For every tale of woe I hear about inconclusive ROI and fruitless AI pilots within large organisations, I hear about a freelancer or self-employed person — unencumbered by corporate IT and procurement policies — who has lashed together various AI tools, workflows, and cloud services to utterly transform their personal productivity. It seems the secret has been hiding in plain sight all this time: productivity is personal, not organisational.
Previous enterprise shifts — ERP, CRM, Cloud — were built on the process as the unit of value. They required top-down, command-and-control rollouts to prevent left-hand/right-hand chaos and waste. But AI's unit of value is the individual: their specific thinking, creativity, drafting, and judgment. A technology that augments the idiosyncratic way a human mind works will always be adopted more readily by people acting in an individual capacity.
The data bears this out. Among large companies with more than 250 employees, AI adoption has dipped from a peak of 14% to 12%¹. Among freelancers, it stands at 75%².
Why does scale make it worse?
When it comes to rolling out AI, large organisations responded with the only playbook available to them: standardise, govern, procure, roll out, measure. Copilot licences were purchased, lunch-and-learns were scheduled, and 42% of companies abandoned most AI initiatives in 2025³, up from 17% the year before.

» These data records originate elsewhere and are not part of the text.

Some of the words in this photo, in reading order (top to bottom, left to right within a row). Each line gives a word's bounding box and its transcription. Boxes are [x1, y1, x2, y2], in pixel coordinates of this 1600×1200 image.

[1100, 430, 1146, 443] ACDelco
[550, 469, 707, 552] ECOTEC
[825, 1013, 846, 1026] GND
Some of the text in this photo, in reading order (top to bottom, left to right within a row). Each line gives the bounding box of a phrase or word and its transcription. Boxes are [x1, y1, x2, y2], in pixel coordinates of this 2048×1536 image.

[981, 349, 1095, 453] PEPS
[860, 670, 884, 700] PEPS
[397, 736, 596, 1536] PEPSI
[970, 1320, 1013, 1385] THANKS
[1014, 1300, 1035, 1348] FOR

The problem contradicts everything large organisations believe about their own advantages: diseconomies of scale. In most enterprise tech deployments, scale amplifies, but with AI, the reverse seems true.

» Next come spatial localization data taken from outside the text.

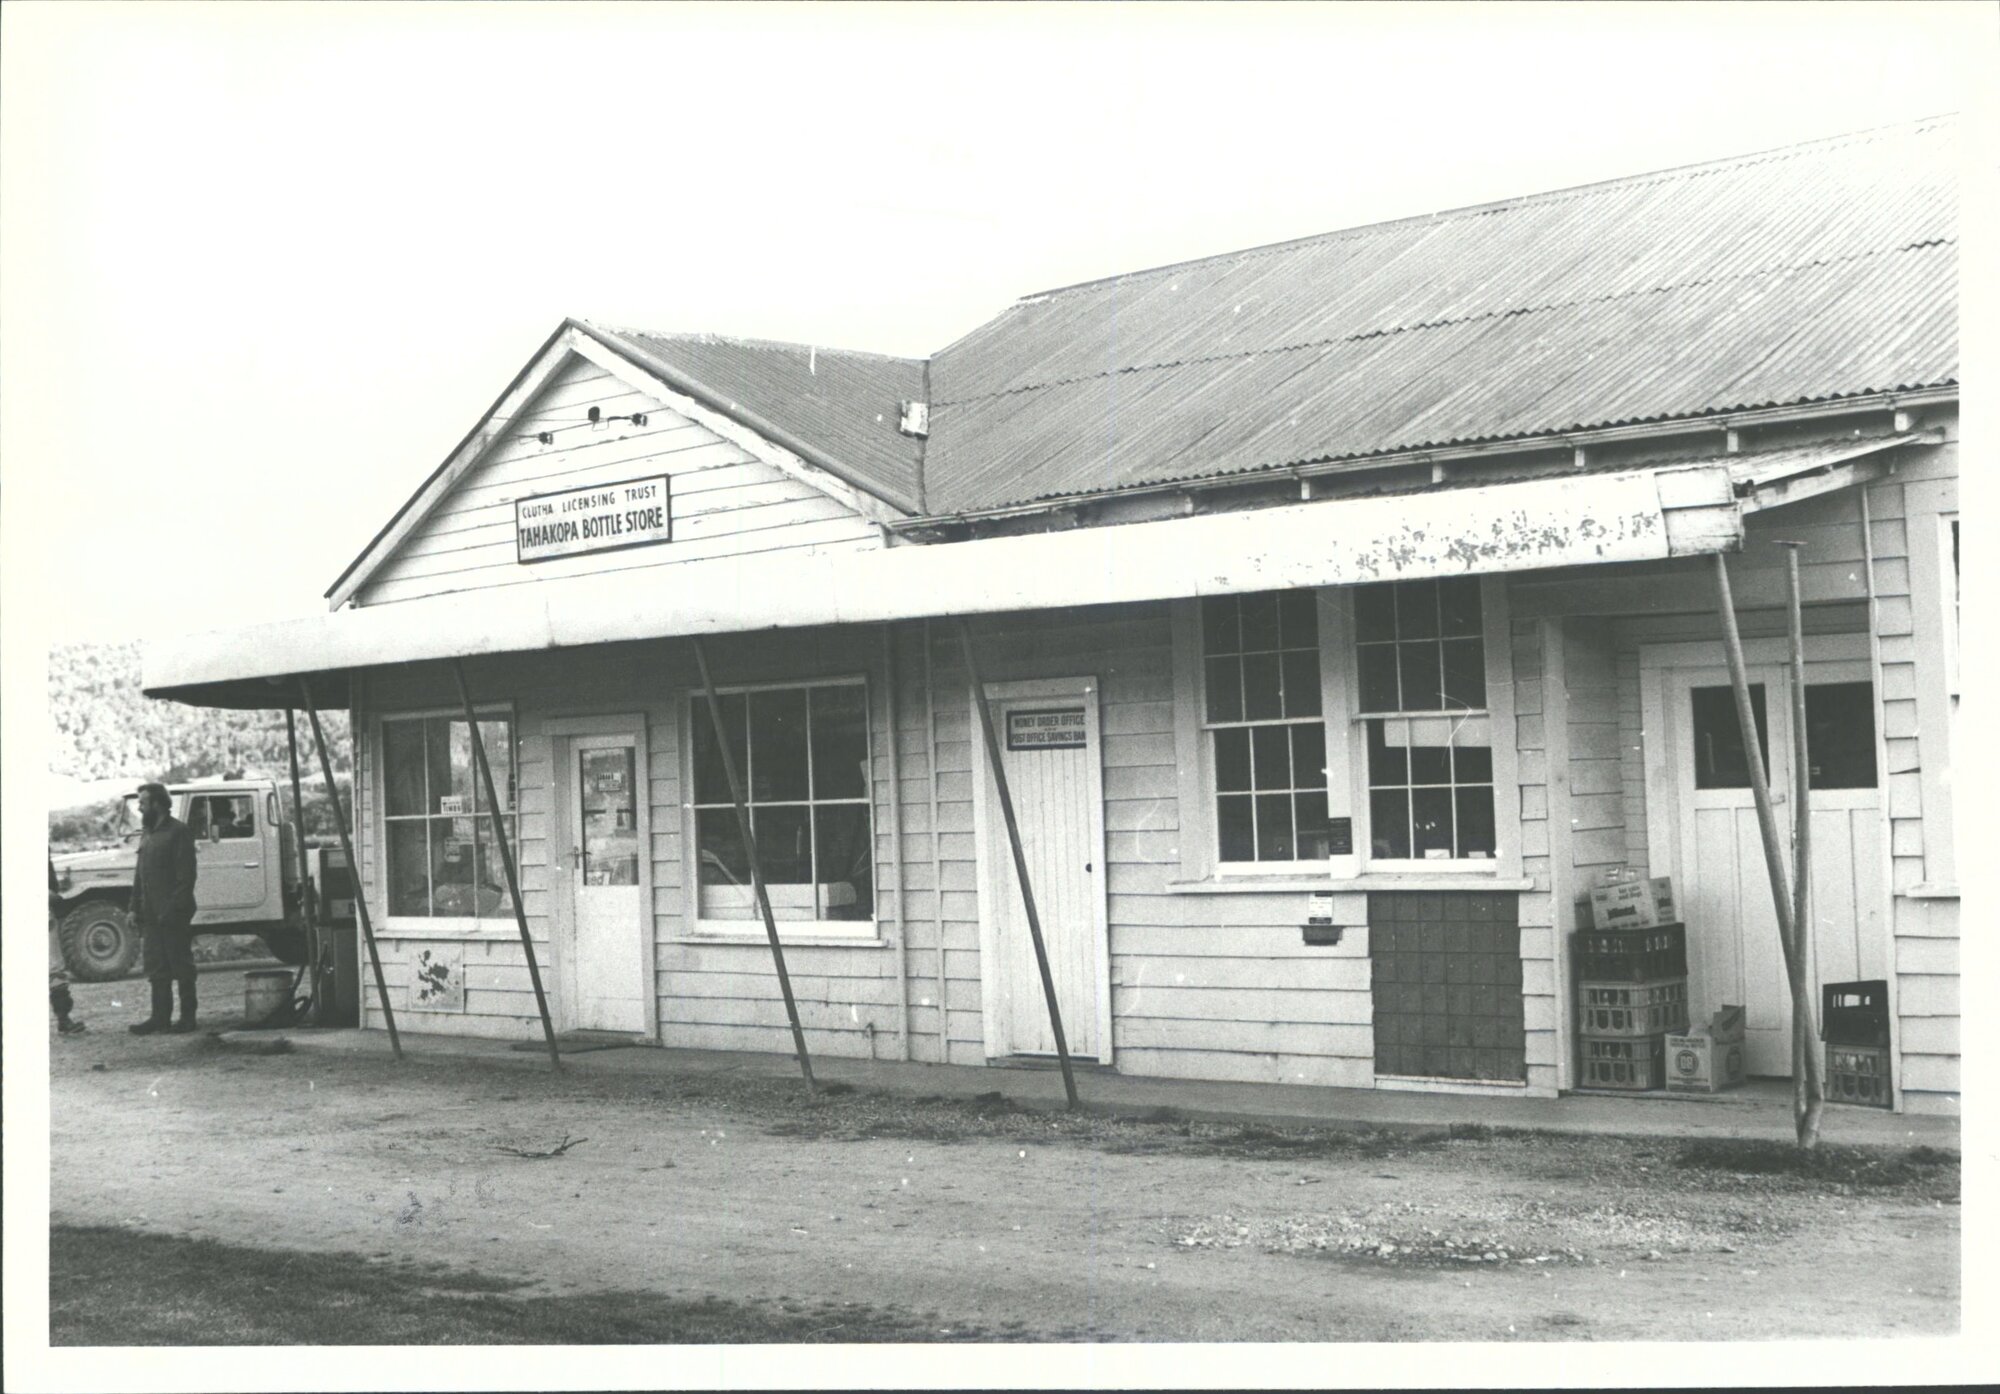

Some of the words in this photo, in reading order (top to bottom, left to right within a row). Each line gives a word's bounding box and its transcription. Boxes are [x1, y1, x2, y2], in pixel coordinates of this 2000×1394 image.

[522, 504, 553, 519] CLUTHA
[562, 493, 616, 512] LICENSING
[625, 485, 657, 501] TRUST
[520, 521, 579, 549] TAHAKOPA
[582, 514, 622, 539] BOTTLE
[626, 507, 663, 532] STORE
[1061, 714, 1086, 726] OFFICE

The coordination overhead of deploying a personalised technology stack to hundreds or thousands of diverse workers compounds with every layer of governance. When an organisation forces a single-vendor configuration on its staff — as corporate procurement policies usually dictate — it sacrifices the very thing that makes AI valuable today: the high-fidelity fit between the tool and the individual user's unique cognitive style.
If economies of scale built the enterprise, diseconomies of scale are frustrating its ability to harness AI.
Headcount reduction is not a consequence of AI adoption. It looks more like a precondition.
The current wave of large-scale tech layoffs reshaping global organisations like Oracle, Amazon, and Block is not, in the main, caused by AI replacing workers, as the media usually reports it. Instead, it is being driven by boards who have concluded that organisation-wide AI adoption cannot be coaxed, encouraged or even mandated.
Instead, it will be forced by circumstance.
The re-org, redundancy programme, or RIF (Reduction In Force) is the lever usually yanked when large organisations need to enact a major change in direction or strategy. CEOs can demand that their managers prudently constrain headcount, rationalise and manage costs and encourage the adoption of AI in their teams, but it's more efficient to simply remove the optionality.
So, my sense is these cuts are coming ahead of the AI productivity gains, not because of them. When there are fewer people to absorb the work, necessity will become the mother of invention, and those who remain will be forced to find new ways to do it — with AI tools.
The self-employed are building personal AI operating systems while large organisations are still negotiating procurement terms. How that gap closes is the more interesting question.